Exercise material: Begin

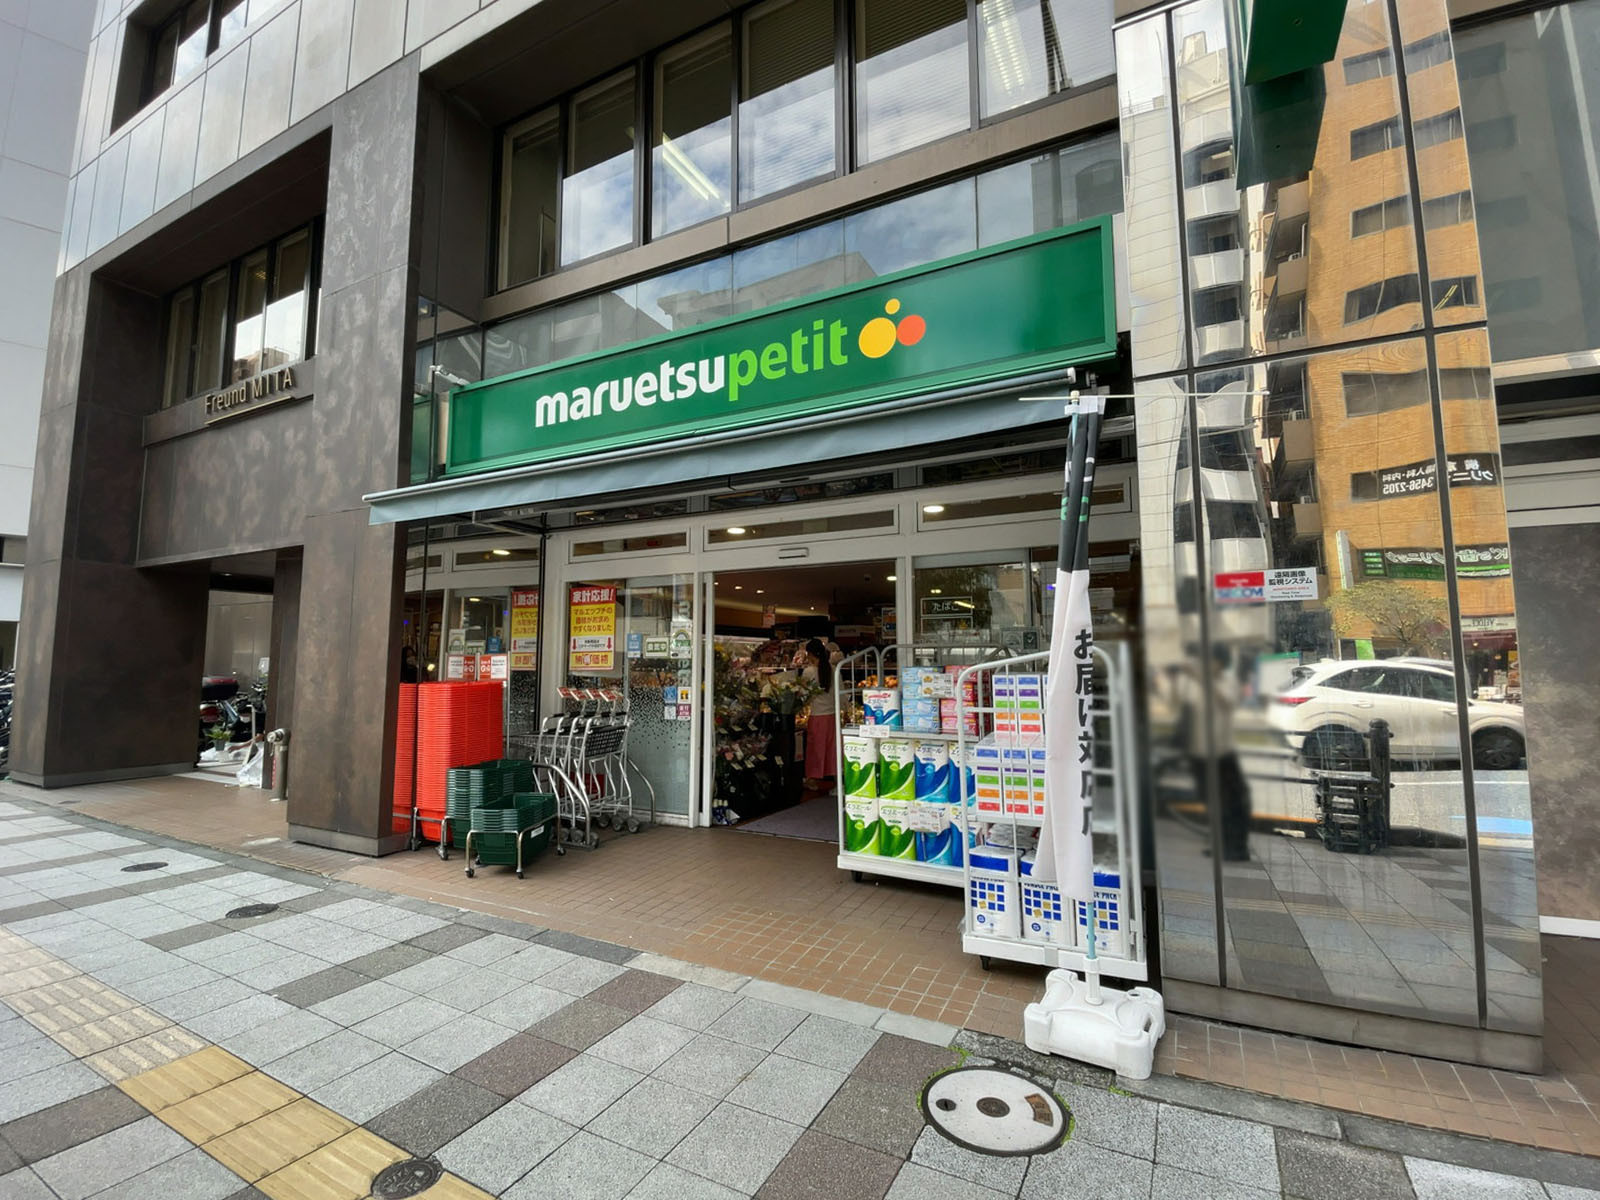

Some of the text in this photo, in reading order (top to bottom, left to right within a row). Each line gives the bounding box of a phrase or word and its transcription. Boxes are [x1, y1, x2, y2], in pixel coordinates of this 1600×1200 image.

[204, 368, 293, 414] Freund MITA
[1274, 570, 1306, 578] 遠隔画像
[1268, 577, 1313, 586] 監視システム
[933, 601, 959, 612] たばこ
[572, 624, 613, 634] やすくなりました
[881, 743, 909, 753] エリエール
[917, 744, 943, 754] エリエール
[881, 808, 909, 817] エリエール
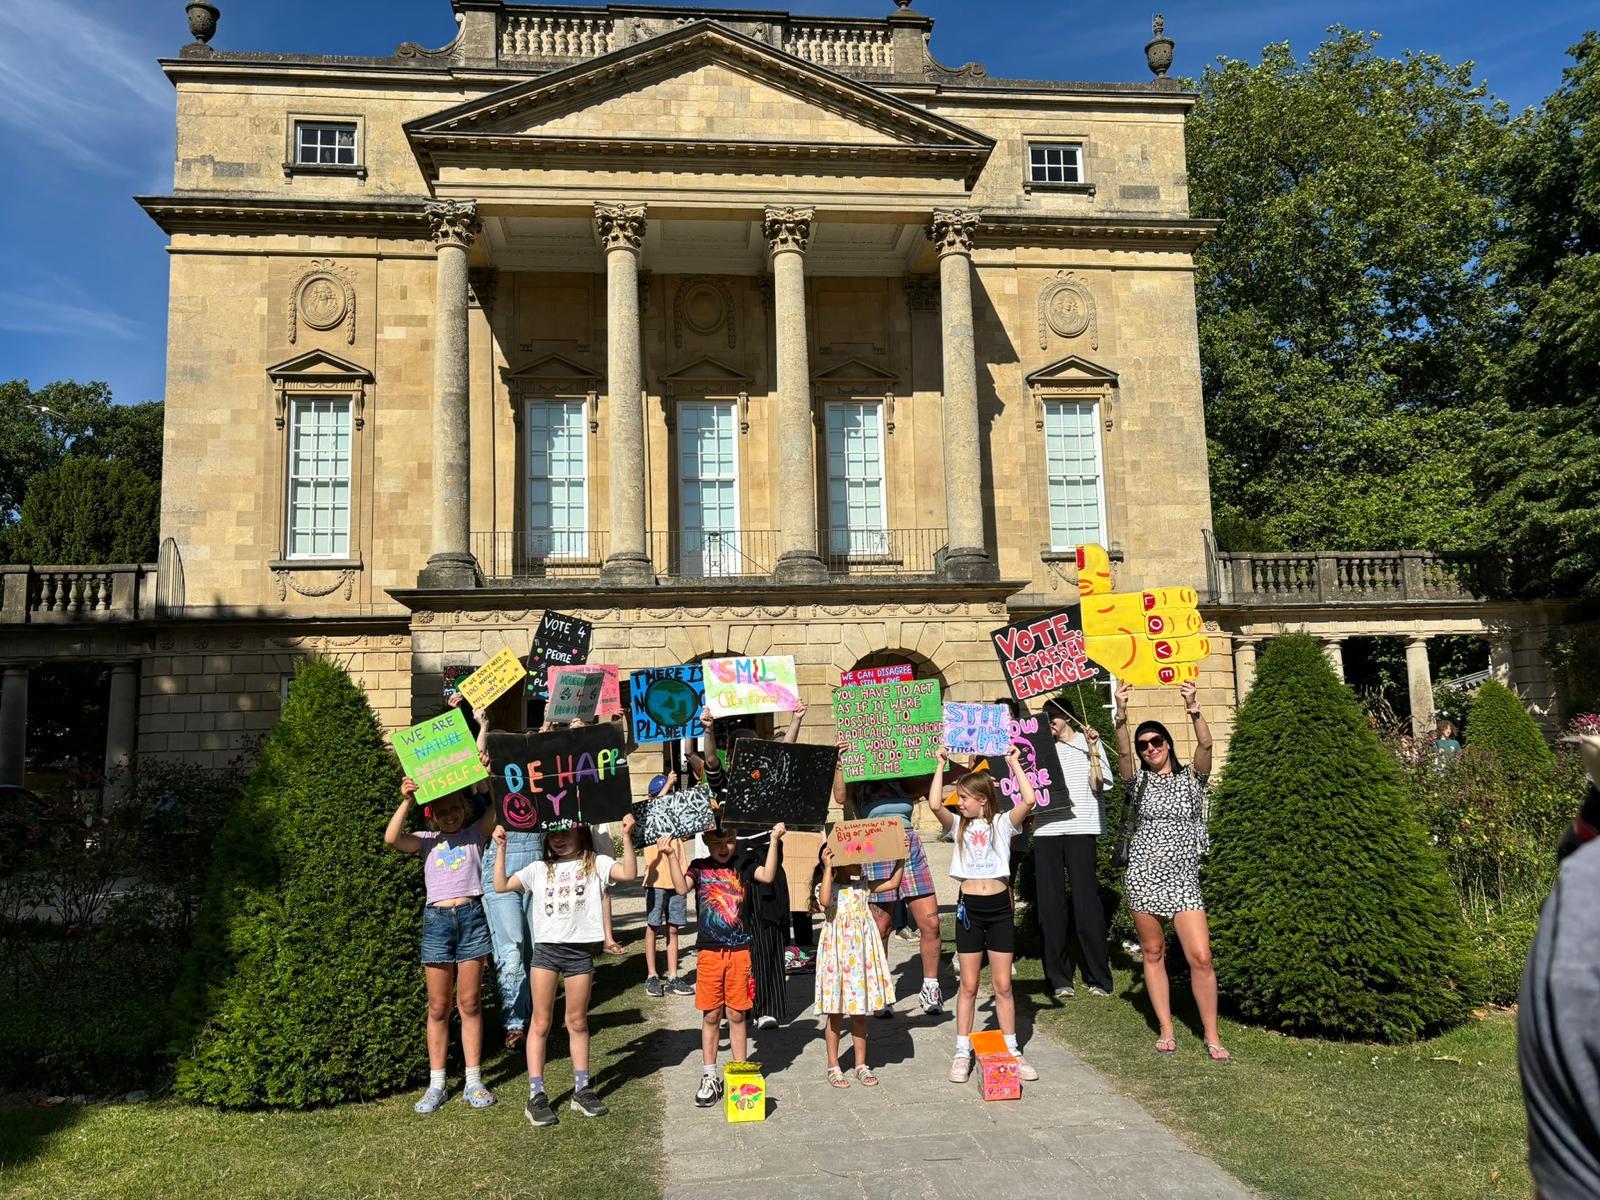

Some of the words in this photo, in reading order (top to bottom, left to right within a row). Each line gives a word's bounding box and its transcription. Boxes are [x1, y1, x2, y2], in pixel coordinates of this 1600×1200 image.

[545, 616, 572, 634] VOTE
[578, 626, 586, 638] 4
[994, 613, 1082, 660] VOTE.
[545, 648, 572, 664] PEOPLE
[1006, 637, 1084, 678] REPRESEN
[534, 678, 549, 687] PLA
[630, 667, 685, 689] THERE
[842, 672, 854, 680] WE
[857, 670, 874, 679] CAN
[877, 666, 912, 677] DISAGREE
[1012, 655, 1099, 699] ENGAGE.
[836, 690, 856, 700] YOU
[861, 687, 890, 698] HAVE
[896, 685, 910, 696] TO
[913, 683, 933, 694] ACT
[838, 703, 850, 714] AS
[855, 702, 868, 712] IF
[874, 700, 886, 712] IT
[890, 698, 920, 710] WERE
[838, 712, 888, 728] POSSIBLE
[895, 710, 910, 722] TO
[1010, 717, 1038, 738] OW
[401, 728, 426, 746] WE
[432, 716, 454, 733] ARE
[637, 719, 687, 740] PLANET
[838, 726, 892, 742] RADICALLY
[414, 730, 462, 760] NATURE
[864, 738, 898, 751] WORLD
[902, 736, 922, 748] AND
[840, 753, 866, 764] HAVE
[872, 751, 886, 760] TO
[890, 751, 903, 760] DO
[908, 749, 920, 760] IT
[924, 748, 936, 759] AL
[504, 760, 544, 793] BE
[845, 766, 865, 778] THE
[871, 761, 903, 774] TIME.
[421, 765, 470, 797] ITSELF
[546, 790, 568, 816] Y
[1010, 788, 1050, 807] YU
[837, 831, 852, 842] Big
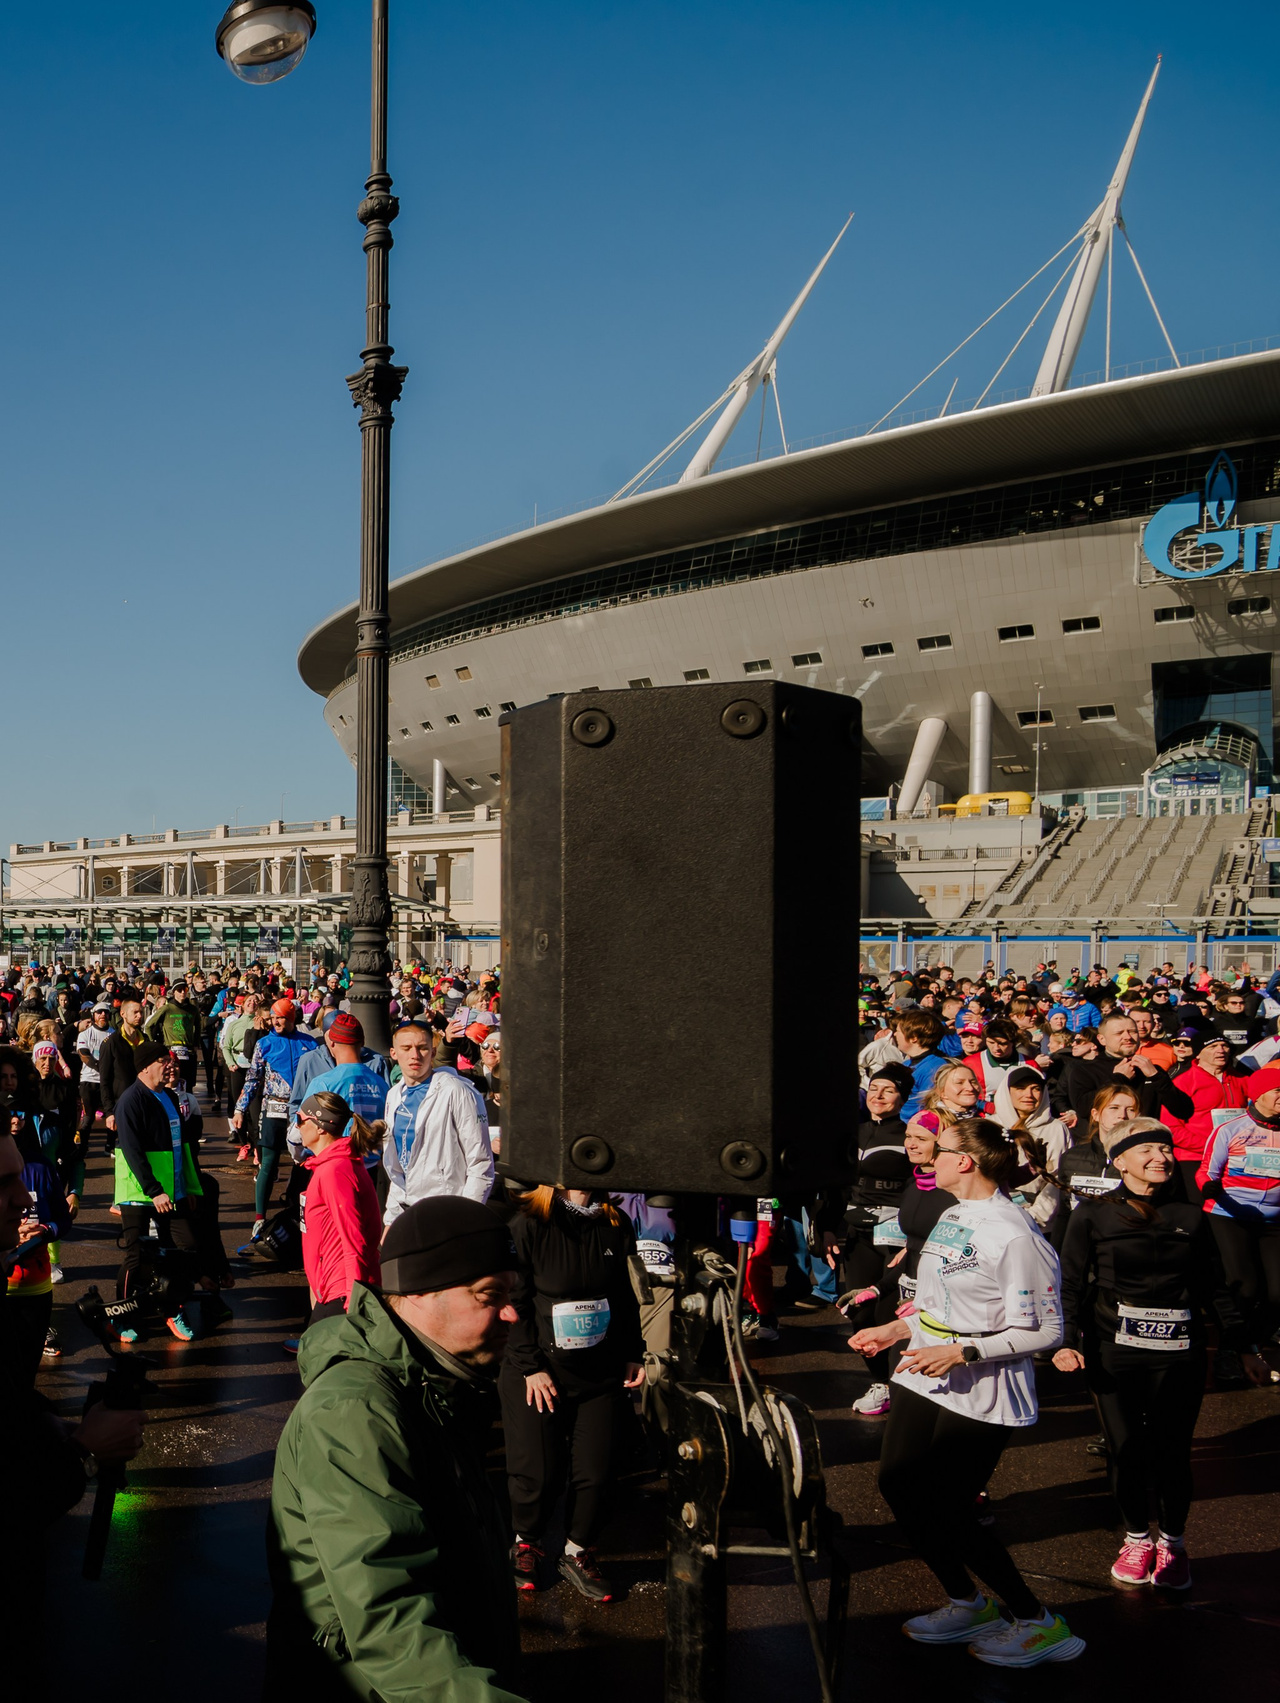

Exercise material: End

Task brief: Copy out all the entries precisely. No images.

Reply to the task:
Some of the text in this photo, in reading order (top to bottom, left to right within a row). Each line gives the bounding box of a phrase or word and its transcription. Boxes are [x1, y1, x2, y2], in pixel coordinates of this 1600×1200 image.

[204, 368, 293, 414] Freund MITA
[1274, 570, 1306, 578] 遠隔画像
[1268, 577, 1313, 586] 監視システム
[933, 601, 959, 612] たばこ
[572, 624, 613, 634] やすくなりました
[881, 743, 909, 753] エリエール
[917, 744, 943, 754] エリエール
[881, 808, 909, 817] エリエール

Some of the words in this photo, in reading order (top to bottom, left to right within a row). Each line gives a word's bounding box and its transcription. Boxes are [x1, y1, x2, y2], in pixel coordinates of this 1600×1200 image.

[545, 616, 572, 634] VOTE
[578, 626, 586, 638] 4
[994, 613, 1082, 660] VOTE.
[545, 648, 572, 664] PEOPLE
[1006, 637, 1084, 678] REPRESEN
[534, 678, 549, 687] PLA
[630, 667, 685, 689] THERE
[842, 672, 854, 680] WE
[857, 670, 874, 679] CAN
[877, 666, 912, 677] DISAGREE
[1012, 655, 1099, 699] ENGAGE.
[836, 690, 856, 700] YOU
[861, 687, 890, 698] HAVE
[896, 685, 910, 696] TO
[913, 683, 933, 694] ACT
[838, 703, 850, 714] AS
[855, 702, 868, 712] IF
[874, 700, 886, 712] IT
[890, 698, 920, 710] WERE
[838, 712, 888, 728] POSSIBLE
[895, 710, 910, 722] TO
[1010, 717, 1038, 738] OW
[401, 728, 426, 746] WE
[432, 716, 454, 733] ARE
[637, 719, 687, 740] PLANET
[838, 726, 892, 742] RADICALLY
[414, 730, 462, 760] NATURE
[864, 738, 898, 751] WORLD
[902, 736, 922, 748] AND
[840, 753, 866, 764] HAVE
[872, 751, 886, 760] TO
[890, 751, 903, 760] DO
[908, 749, 920, 760] IT
[924, 748, 936, 759] AL
[504, 760, 544, 793] BE
[845, 766, 865, 778] THE
[871, 761, 903, 774] TIME.
[421, 765, 470, 797] ITSELF
[546, 790, 568, 816] Y
[1010, 788, 1050, 807] YU
[837, 831, 852, 842] Big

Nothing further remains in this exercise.